Traffic into Ella was steady. It was Sunday and I think everyone in Sri Lanka is on holiday. Our driver had the address to our guesthouse - Dinaro. He had to ask a couple tuk tuk drivers for directions but we were shortly taking a right off of Main Street. Up a narrow road and right onto a dirt road ..and then a left on a smaller dirt road. Our driver was determined to get us to our destination. I would have dropped us off and told us to walk. We finally found the sign to our guesthouse and then it was out of the van and a short walk up a steep dirt path.
The road up to Dinaro

The road up to Dinaro

At the top of the hill, ahead of us we saw an older building that looked like it needed some work and nothing like the pictures on Booking.com. Luckily, that wasn't ours - our guesthouse was the building next door.

As we rounded the cement brick wall, out of one of the two rooms came came our host. His English is sparse but his smile brilliant. "I finish cleaning"...no worries, the chairs on the front porch are comfortable. We'll wait.

Dinaro Guest

Dinaro Guest

Staying in Dinaro, we're definitely away from the tourist area. Ella, we discover, is pretty much a tourist town but for SriLankans and foreigners alike.
Chaminda finished cleaning and we settled in our rooms - queen sized beds, super clean bathroom, fan and mosquito netting. Breakfast is an additional $3 per day per person. We're handed a menu for the next morning. Five choices, of which four are pure Sri Lankan - just how we like it.
With bags secured, we head towards town with a quick stop at the train station to get information on trains leaving for Nuwara Eliya on the 19th. We're told that all 2nd class seats are sold out but there are first class seats for 1000Rp ($6.50), we grab them. I inquire about seats from Nuwara Eliya to Kandy (actually from the train station outside town - Nanu Oya) but am told I'll have to check at the train station there when we arrive.
Tickets in hand we head towards Ella for a late lunch. Downtown Roti Hut looks good. Seats upstairs on the 3rd floor with a great breeze and overlooking the street below. Masala Dosa for me, Jim had rice and curry (wrapped in a banana leaf) and Brenda had vegetable Kottu ( spicy chopped, stir fried roti with veggies) and a couple cold Lion beers. This will more than last us the day.

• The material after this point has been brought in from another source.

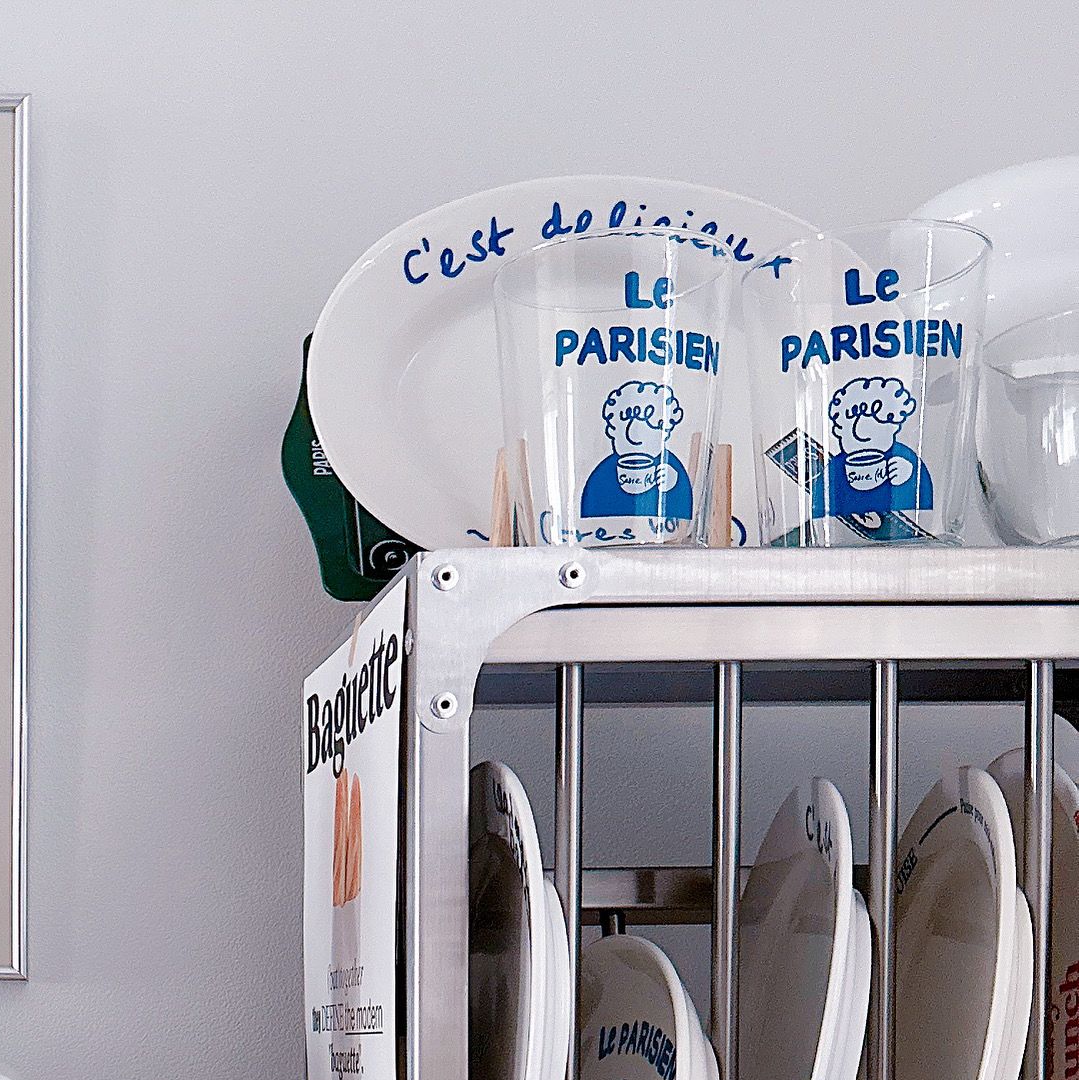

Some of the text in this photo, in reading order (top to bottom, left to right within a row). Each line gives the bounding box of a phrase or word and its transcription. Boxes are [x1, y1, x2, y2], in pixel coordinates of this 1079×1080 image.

Rice and Curry - Jim's favorite

Rice and Curry - Jim's favorite

Masala Dosa

Masala Dosa

Downtown Roti Hut

Downtown Roti Hut

It's Sunday, so most of the shops are closed. We wander back up the hill. Jim and Brenda's cribbage competition continues.

17 April 2017

Great night sleep. Our plan was hike Little Adam's Peak and we wanted to get an early start so we asked for breakfast at 0730. Breakfast was delivered right on time, by a woman and her daughter who live down the road. Both smiled and waved as they passed the dishes through the barbed wire fence to Chaminda.

Wonderful way to start the day........

We headed out about 0800, starting with a walk into town (about 10 minutes), down the road and up the other main road towards the trailhead. Actually, it was up and up and then once we hit the trailhead it was up some more until we arrived at a stone staircase. And then it was up again to the summit. Beautiful vista from a couple different levels. We chatted with a couple (Liz - or maybe Lisa -Brenda and I heard two different names) and Simon from the UK) for a bit and realized we'd all be heading towards the same direction - Nine Arches Bridge. The USA - UK contingent was formed. We hiked back down the staircase and out the trail to the road, took a right and it was up and up and up again. With the help of another couple was found a shortcut, down a dirt path and we were very lucky that we did. The trail narrowed to a footpath running behind a small house and out to a dirt yard. We came around the house and found a few seats, a ramada and the most beautiful unobstructed view of the bridge. The young men living there had transformed this spot into an nice little rest, observation area - complete with tea, coffee and snacks. I decided since we are in Sri Lanka (formerly Ceylon), it was time for a tea break.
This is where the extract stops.